Pocos meses atrás, una ola de asesinatos de homosexuales recorrió el Brasil. Entre noviembre del 87 y febrero de este año, una veintena de víctimas, un verano caliente. Quiso la fatalidad que los muertos se reclutaran entre personalidades conocidas («Zas, la loca era famosa», prorrumpió un comisario ante el hallazgo de un cadáver en bombacha): un director de teatro, algunos periodistas, modistas, peluqueros… No bastaba, al parecer, el Sida con su campaña altisonante -una verdadera promoción de hades. Era necesario recurrir a métodos más contundentes. Así, ametrallamiento de travestis en las callejas turbias de San Pablo, achacado fabulosamente por portavoces policiales a un paciente de Sida deseoso de venganza -pero de inequívocos rasgos paramilitares. Del mismo modo que la muerte de los homosexuales se liga, en el actual contexto, casi ineludiblemente al Sida, la represión policial se asocia, en la producción de esos cadáveres exquisitos, a lo que los ideólogos liberacionistas del 60 llamaban homofobia: una fornida fobia a la homosexualidad dispersa en el cuerpo social. Se mezclan las cartas, sale culo, sobreviene la descarga.
Lejos de ser algo exclusivo de las veredas tropicales, la sangre de las locas suele salpicar también los adoquines sureños. Se recordará la serie de ejecuciones desatadas cuando los estertores de la última dictadura, a la luz odiosa del perdido fiord. O, asimismo, el ametrallamiento de los travestis que exhibían, en la Panamericana la audacia de sus blonduras. En ambos casos, se impone la pregunta: ¿se trata, en verdad, de conspiraciones de inspiración fascista (estilo Escuadrón de la Muerte o Triple A)? ¿O, más bien, de cierto clima de terror contagioso que tensa hacia la muerte los ya tensos enlaces del submundo («cuando uno mata, matan todos», condenó un taxiboy durante la ola de crímenes porteños)?

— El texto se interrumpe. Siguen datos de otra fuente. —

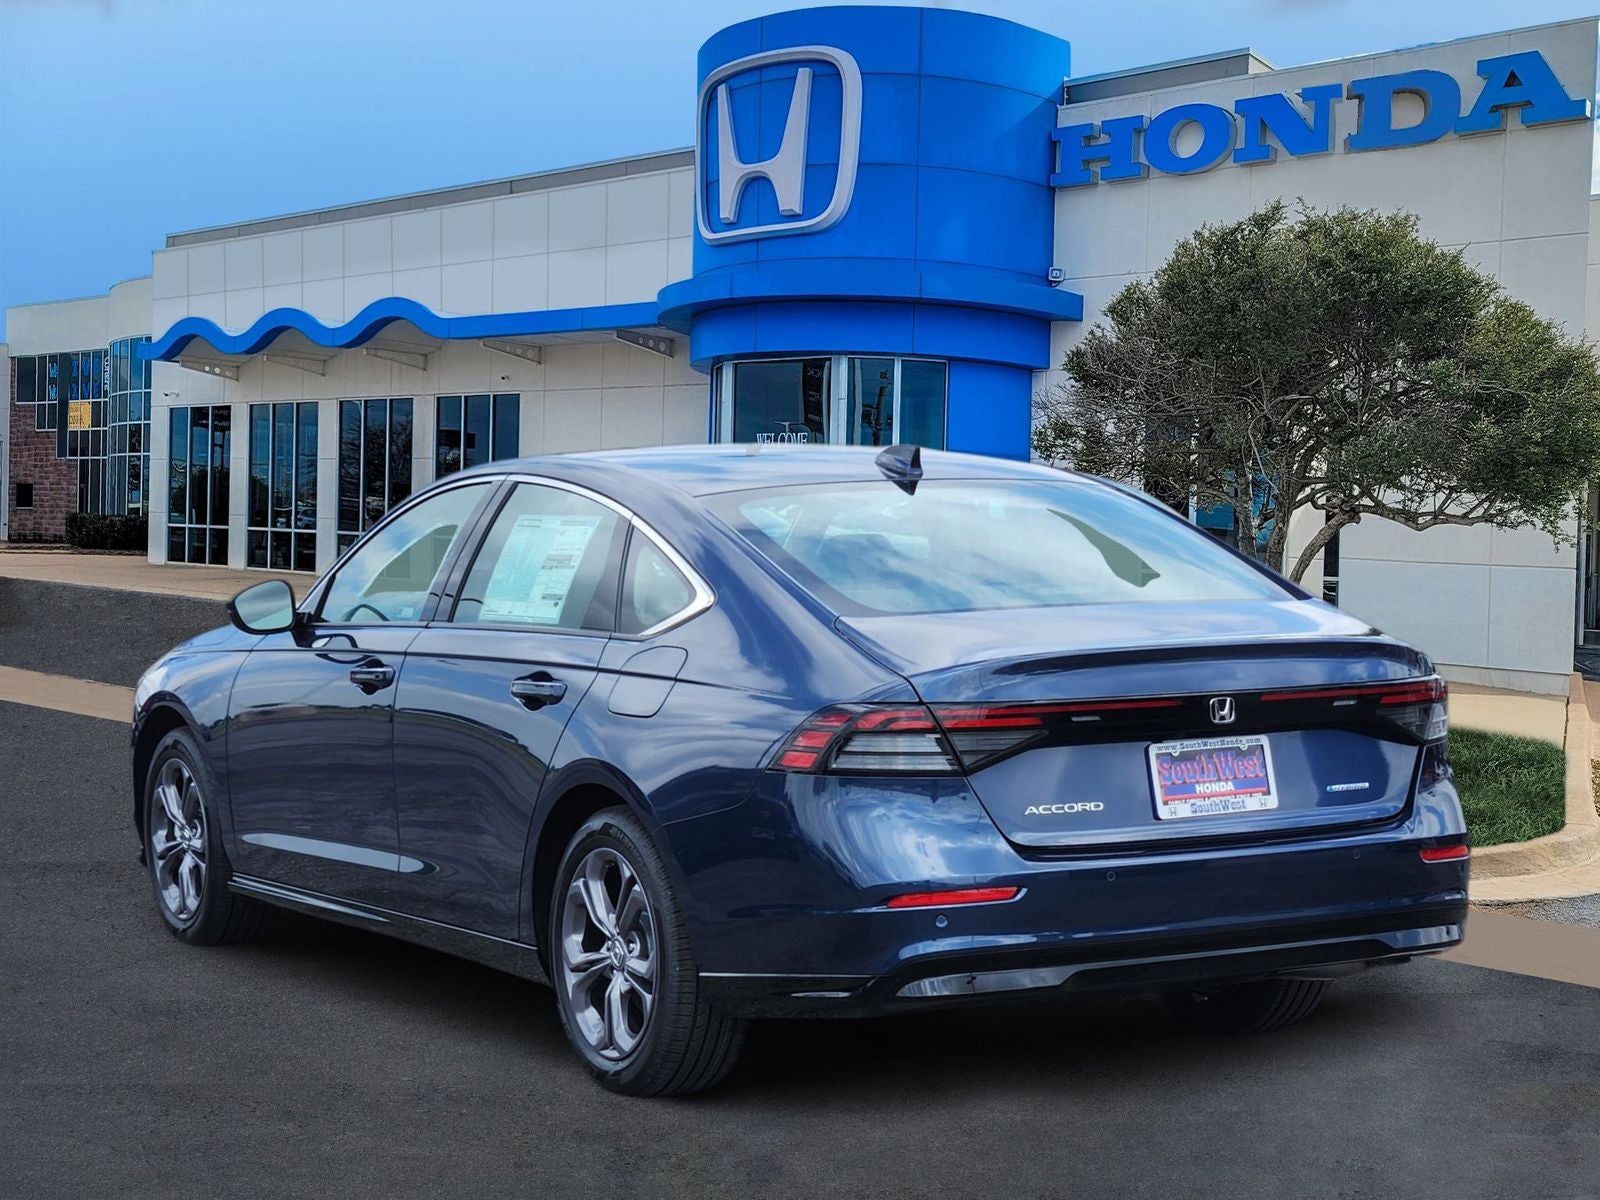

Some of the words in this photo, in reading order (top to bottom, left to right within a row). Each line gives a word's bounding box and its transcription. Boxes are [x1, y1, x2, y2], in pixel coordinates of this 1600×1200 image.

[1051, 50, 1592, 188] HONDA
[756, 432, 808, 445] WELCOME
[1195, 781, 1235, 794] HONDA
[1024, 802, 1104, 815] ACCORD
[1190, 799, 1247, 814] SouthWest
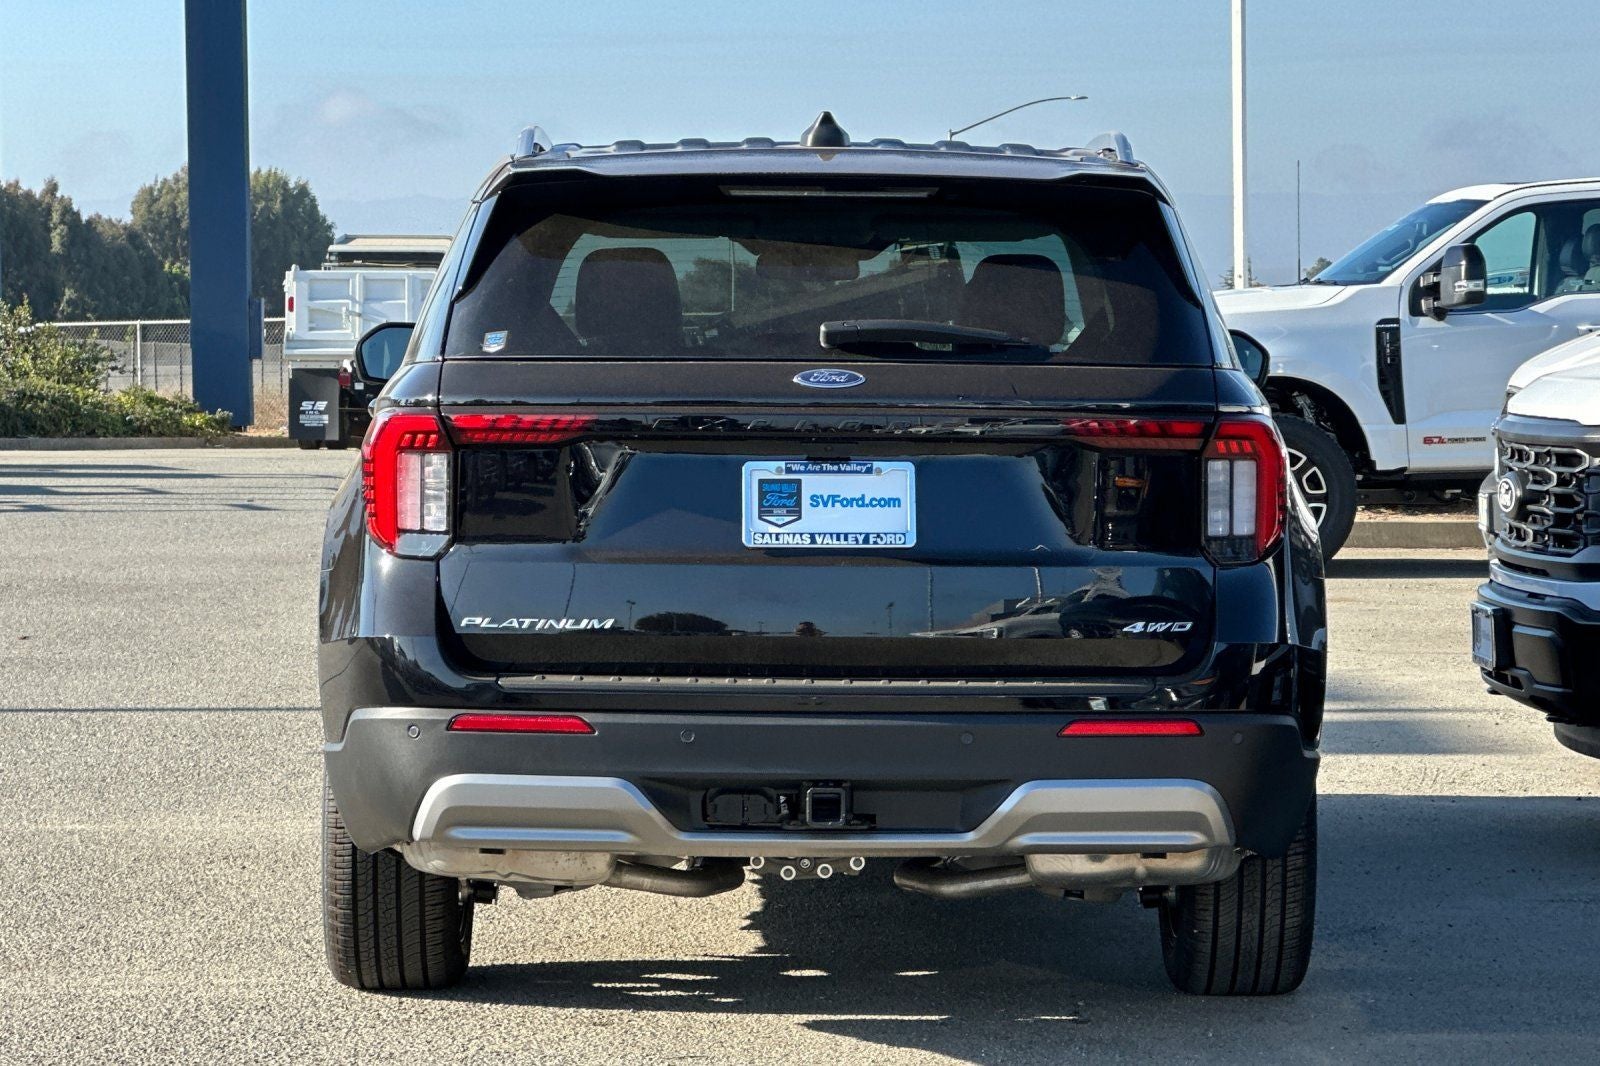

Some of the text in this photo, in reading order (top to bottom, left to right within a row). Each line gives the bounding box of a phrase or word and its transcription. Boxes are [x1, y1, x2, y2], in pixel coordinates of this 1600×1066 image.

[809, 371, 849, 382] Ford
[807, 463, 821, 471] Are
[822, 463, 840, 471] The
[763, 492, 797, 507] Ford
[809, 494, 902, 508] SVFord.com
[754, 533, 905, 545] SALINAS VALLEY FORD
[460, 617, 615, 630] PLATINUM
[1122, 621, 1193, 632] 4WD

En un librito recientemente publicado en San Pablo, El pecado de Adán, dos jóvenes periodistas, Vinciguerra y Maia, se aventuran con argucia por los entretelones del ghetto, investigando las relaciones entre los asesinos y sus víctimas. Si bien algunos de los homicidas eran policías o soldados -y varios de los crímenes citaban, en su metodología (manos atadas a la espalda, bocas entoalladas, emasculaciones o inscripciones en la carne, a la manera de la máquina kafkiana), el estilo de los Escuadrones de la Muerte (comandos parapoliciales de exterminio de lúmpenes y de intervención en las guerras del hampa)-, ninguna conspiración, ningún plan organizado, sino a lo sumo una ligera cita, la referencia al sacrificio justiciero. ¿De qué justicia, en este caso, trátase?

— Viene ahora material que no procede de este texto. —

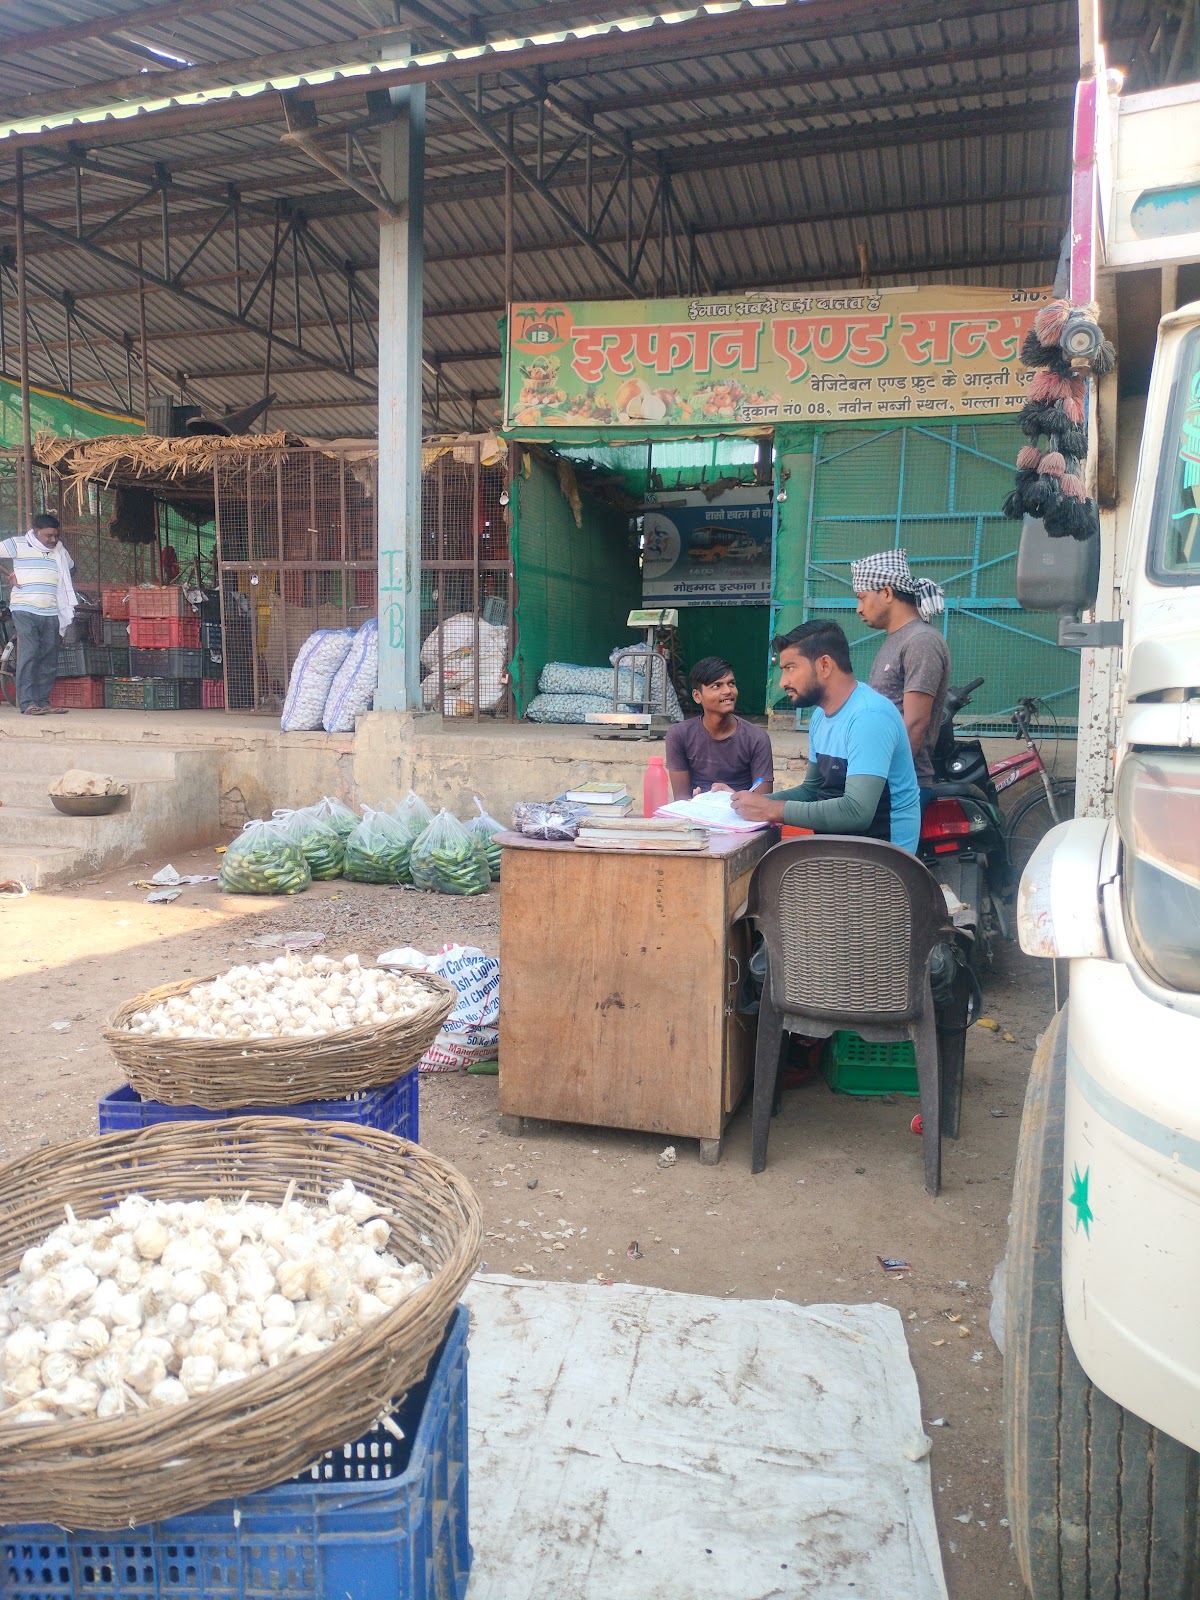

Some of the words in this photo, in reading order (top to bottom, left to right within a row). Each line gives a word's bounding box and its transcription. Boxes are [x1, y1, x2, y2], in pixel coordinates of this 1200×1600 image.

[689, 301, 732, 320] ईमान
[735, 298, 778, 316] सबसे
[531, 331, 549, 343] IB
[570, 321, 761, 383] इरफान
[772, 313, 890, 383] एण्ड
[810, 373, 873, 393] वेजिटेबल
[877, 376, 907, 394] एण्ड
[911, 374, 936, 394] फ्रुट
[941, 369, 958, 388] के
[962, 366, 1011, 391] आढ़ती
[741, 404, 779, 422] दुकान
[807, 403, 833, 417] 08,
[837, 397, 873, 414] नवीन
[877, 395, 912, 412] सब्जी
[916, 400, 955, 411] स्थल,
[961, 397, 1000, 409] गल्ला
[751, 507, 762, 519] हो
[673, 582, 717, 593] मोहम्मद
[719, 582, 757, 593] इरफान
[442, 1016, 466, 1033] Batch
[467, 1035, 478, 1045] 50

Primero, ¿de qué se habla cuando se habla de violencia? Más allá de la indignación de los robos -que no llega a compensar, con todo, el no tan secreto regocijo de los más-, no resulta fructífero pensar la violencia en tanto tal, como hecho en sí. La violencia -dice Deleuze hablando de Foucault- «expresa perfectamente el efecto de una fuerza sobre algo, objeto o ser. Pero no expresa la relación de poder, es decir, la relación de la fuerza con la fuerza». ¿De qué fuerzas, en el caso de la violencia antihomosexual, se trata? Dicho de otra manera: ¿cuáles son las fuerzas en choque, cuál el campo de fuerzas que afecta su entrechoque?
Para decirlo rápido, estas fuerzas convergen en el ano; todo un problema con la analidad. La privatización del ano, se diría siguiendo al Antiedipo, es un paso esencial para instaurar el poder de la cabeza (logo-ego-céntrico) sobre el cuerpo: «sólo el espíritu es capaz de cagar». Con el bloqueo y la permanente obsesión de limpieza (toqueteo algodonoso) del esfínter, la flatulencia orgánica sublímase, ya etérea. Si una sociedad masculina es -como quería el Freud de Psicologia de las Masas- libidinalmente homosexual, la contención del flujo (limo azul) que amenaza estallar las máscaras sociales dependerá, en buena parte, del vigor de las cachas. Irse a la mierda o irse en mierda, parece ser el máximo peligro, el bochorno sin vuelta (el no llegar a tiempo a la chata desencadena, en El Fiord de Osvaldo Lamborghini, la violencia del Loco Autoritario; Bataille, por su parte, veía en la incontinencia de las tripas el retorno orgánico de la animalidad). Controlar el esfínter marca, entonces, algo así como un «punto de subjetivación»: centralidad del ano en la constitución del sujetado continente.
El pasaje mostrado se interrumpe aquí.